Toda decisão covarde, quer se expresse por ação ou omissão,
deixa no fundo da alma uma vergonha que, quanto menos reconhecida e confessada,
mais exige rituais histéricos de compensação. Posta vergonhosamente em fuga por
um golpe militar que não disparou um só tiro, a esquerda brasileira exibe até
hoje os sintomas residuais do vexame enterrado, mas jamais completamente
esquecido: daí sua compulsão incurável de exagerar hiperbolicamente os
sofrimentos padecidos e a força ameaçadora do adversário, pintado sempre como
um dragão voraz mesmo quando obviamente não passa de um cãozinho doméstico.
Exemplo típico é o historiador comunista Nelson Werneck
Sodré, do qual escrevi em 2008
(v.http://www.olavodecarvalho.org/semana/080414dc.html) :
“Descrevendo no seu livro A Fúria de Calibã os horrores
apocalípticos da perseguição a intelectuais logo após o golpe de 1964, que ele
não hesita em nivelar ao que sucedeu na Alemanha de Hitler, acaba se traindo ao
relatar que, naquele mesmo período, publicou não sei quantos livros, teve não
sei quantas críticas favoráveis, algumas entusiásticas, foi brindado com alguns
prêmios literários e no fim ainda recebeu uma homenagem no Instituto Brasileiro
de História Militar, em cerimônia realizada na presença... do presidente da
República, marechal Castelo Branco. Jamais um historiador consentiu em
personificar tão escandalosamente um exemplum in contrarium da sua descrição
geral dos fatos.”
Mas, evidentemente, Werneck não foi o único. A repressão foi
tão violenta, tão avassaladora, que o período do governo militar (1964-1985)

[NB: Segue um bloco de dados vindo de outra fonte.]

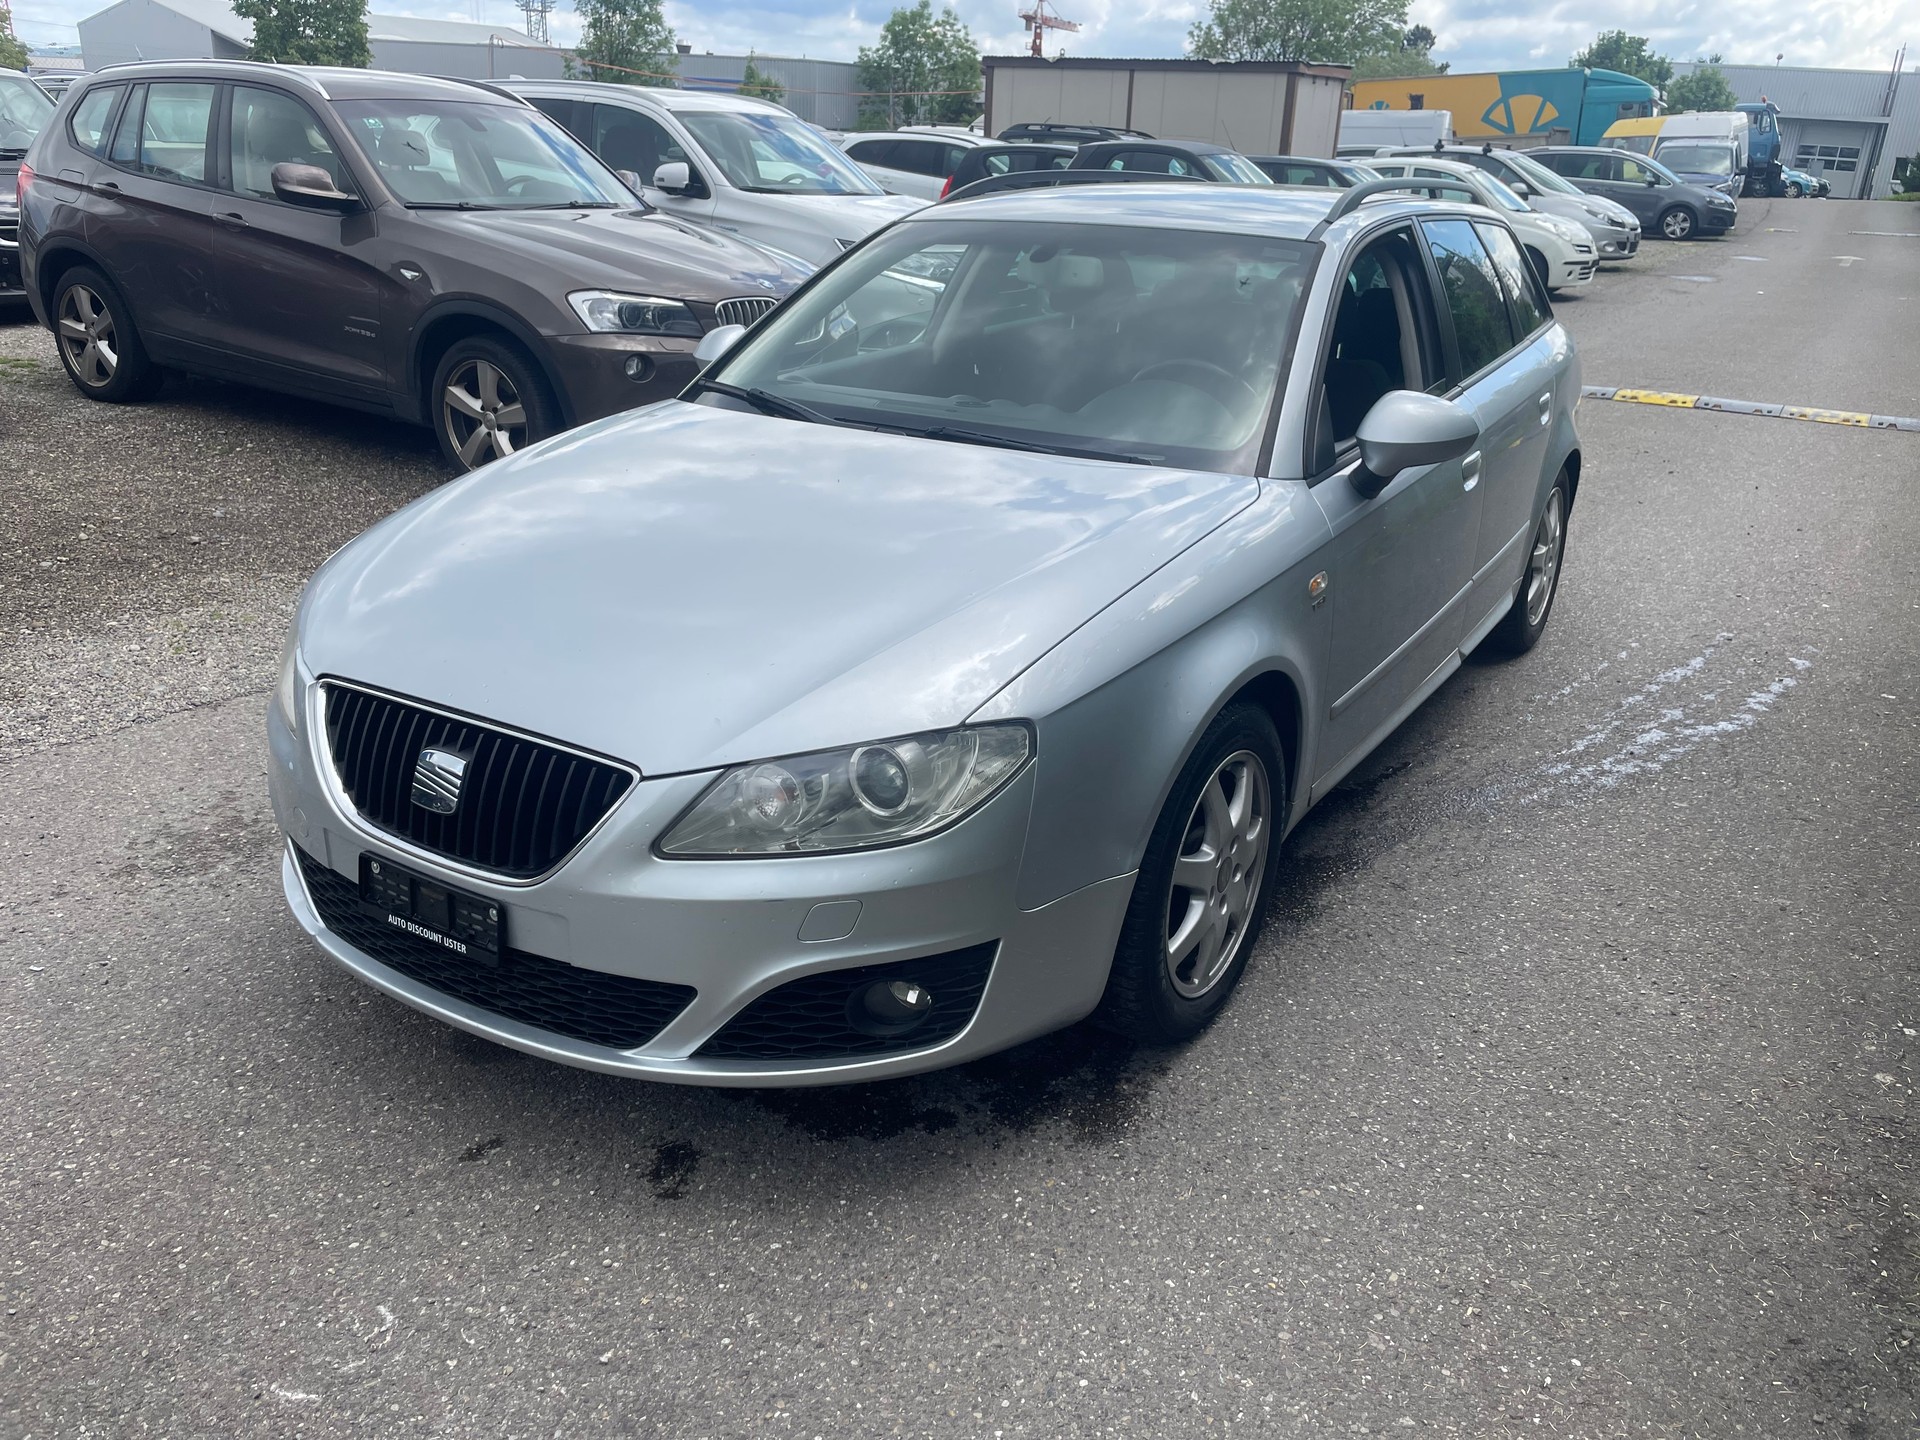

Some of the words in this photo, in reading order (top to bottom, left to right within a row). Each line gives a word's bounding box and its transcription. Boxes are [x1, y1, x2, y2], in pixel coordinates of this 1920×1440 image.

[388, 914, 406, 929] AUTO
[407, 921, 442, 944] DISCOUNT
[443, 937, 467, 954] USTER

acabou sendo, segundo registros da Câmara Brasileira do Livro, o de maior
prosperidade da indústria editorial esquerdista no país.

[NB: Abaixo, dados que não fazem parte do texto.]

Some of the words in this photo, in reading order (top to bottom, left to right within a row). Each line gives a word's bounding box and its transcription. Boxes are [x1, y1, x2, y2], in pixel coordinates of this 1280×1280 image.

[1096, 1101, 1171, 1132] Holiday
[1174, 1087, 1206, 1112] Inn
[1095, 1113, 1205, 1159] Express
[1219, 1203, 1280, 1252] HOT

Paralelamente, jornalistas de esquerda dominavam as redações
dos maiores jornais e eles próprios publicavam semanários “nanicos” nos quais
falavam o diabo da “grande mídia burguesa”.

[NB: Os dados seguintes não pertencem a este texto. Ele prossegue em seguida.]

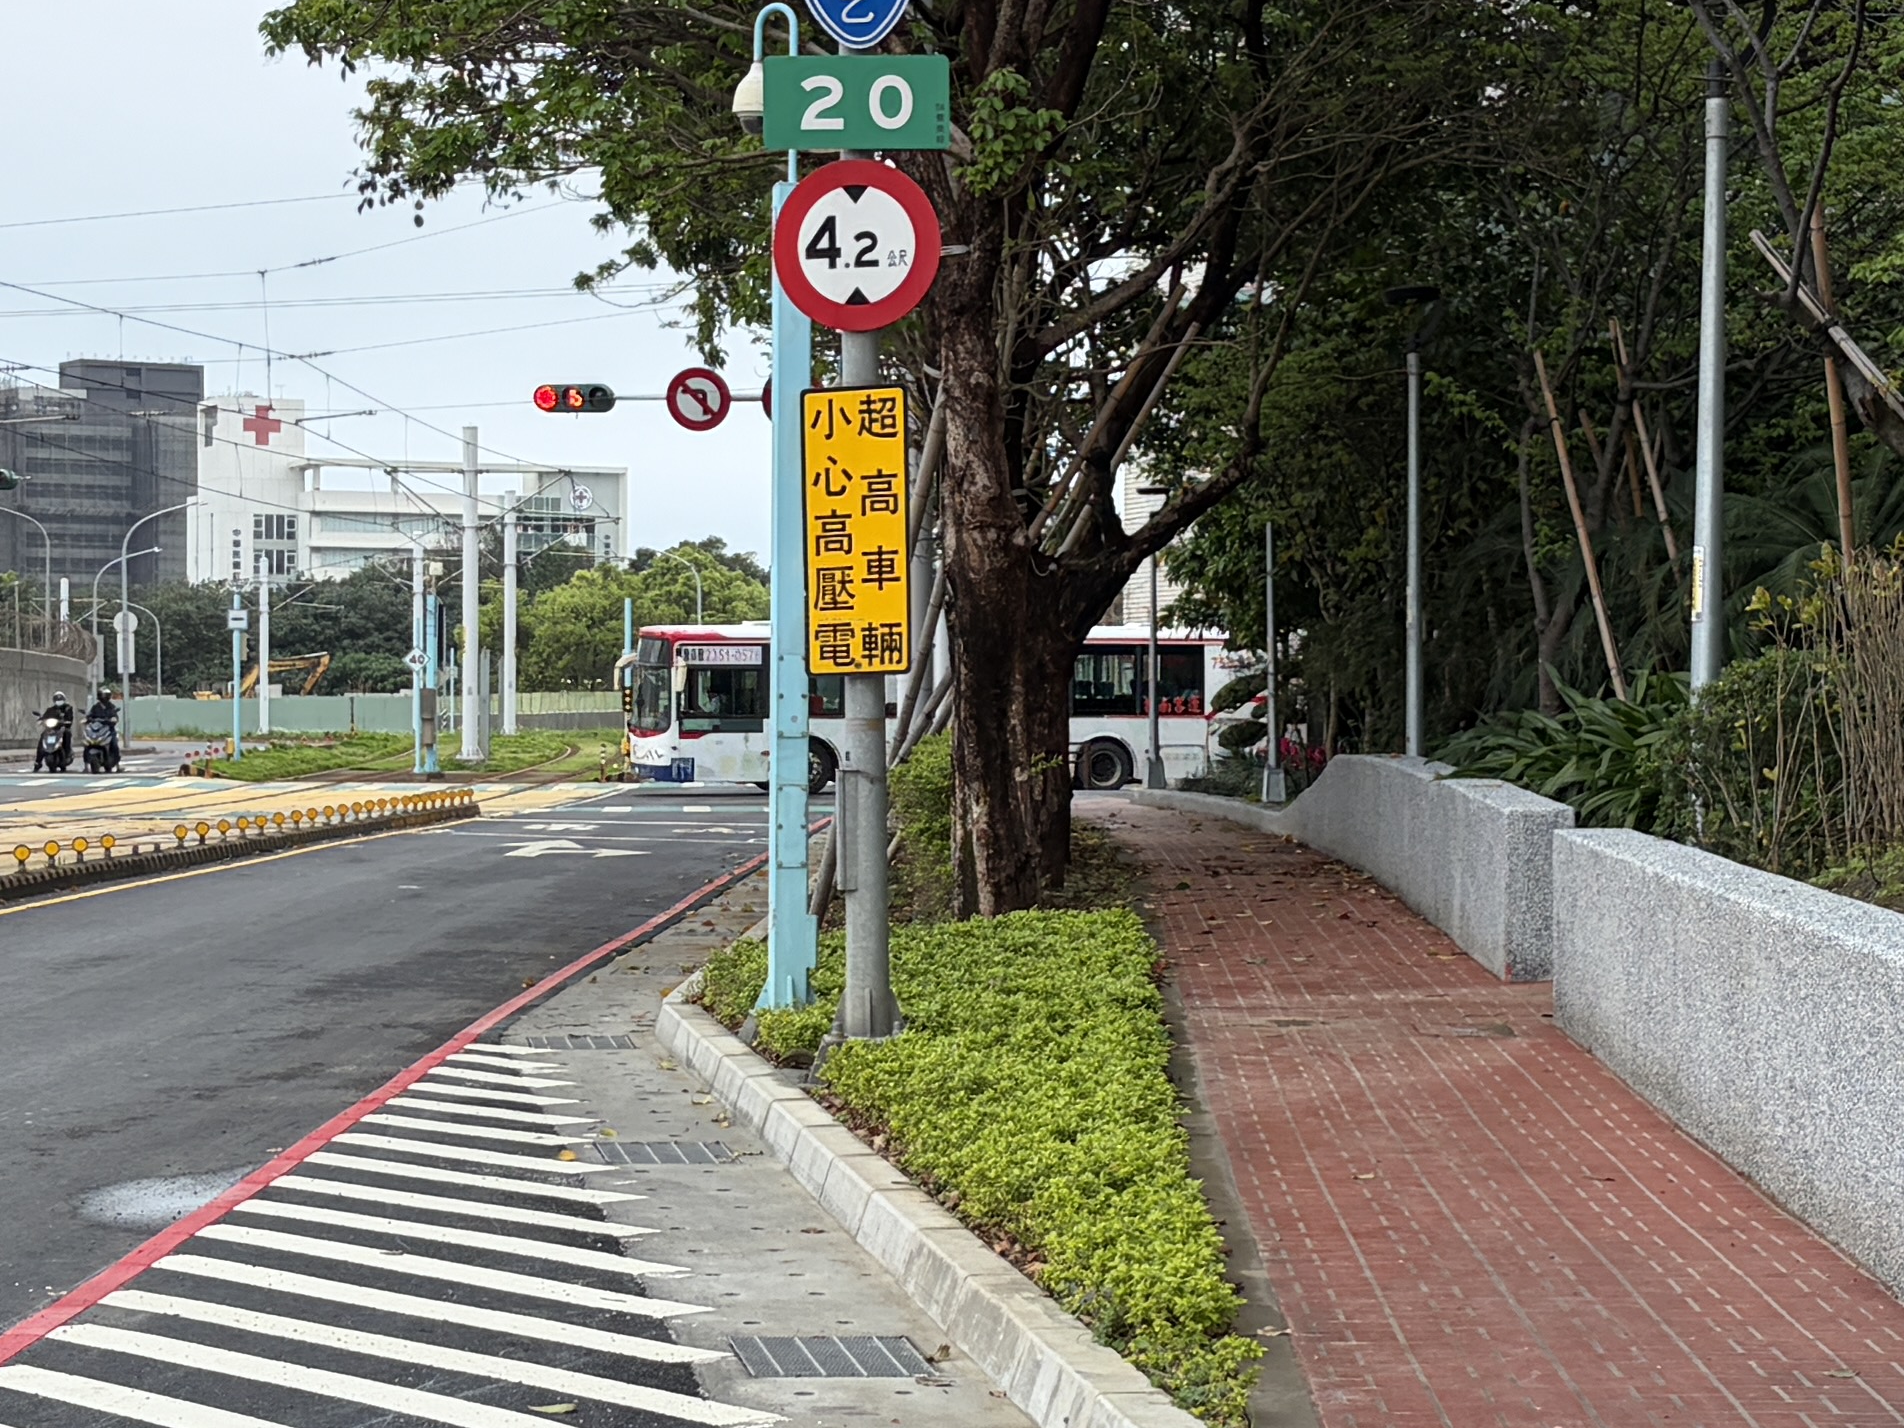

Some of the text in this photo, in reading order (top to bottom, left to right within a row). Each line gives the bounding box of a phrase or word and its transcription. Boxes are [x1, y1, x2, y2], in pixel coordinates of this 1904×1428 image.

Intelectuais e artistas de esquerda imperavam também sobre
as universidades e a indústria de espetáculos – tudo isso porque, coitadinhos,
tinham sido banidos de toda atividade pública, como os dissidentes soviéticos
ou cubanos. Nunca no mundo os perseguidos se refugiaram em catacumbas tão altas
e vistosas.
Erik von Kuenhelt-Leddihn já ensinava que ninguém jamais
entenderá a mentalidade esquerdista se não estudar muito bem o mecanismo do
fingimento histérico.
Mas ninguém cairia vítima de uma neurose se dela não
extraísse alguma vantagem secundária, algum lucro que pode ir muito além do
mero reconforto psicológico postiço.
Exagerar o tamanho e a periculosidade do adversário
dissemina entre os militantes um estado de alerta, instila neles um reflexo de
autodefesa grupal que os predispõe a odiar o adversário mesmo e sobretudo
quando nada sabem dele. Que partido revolucionário não precisa disso?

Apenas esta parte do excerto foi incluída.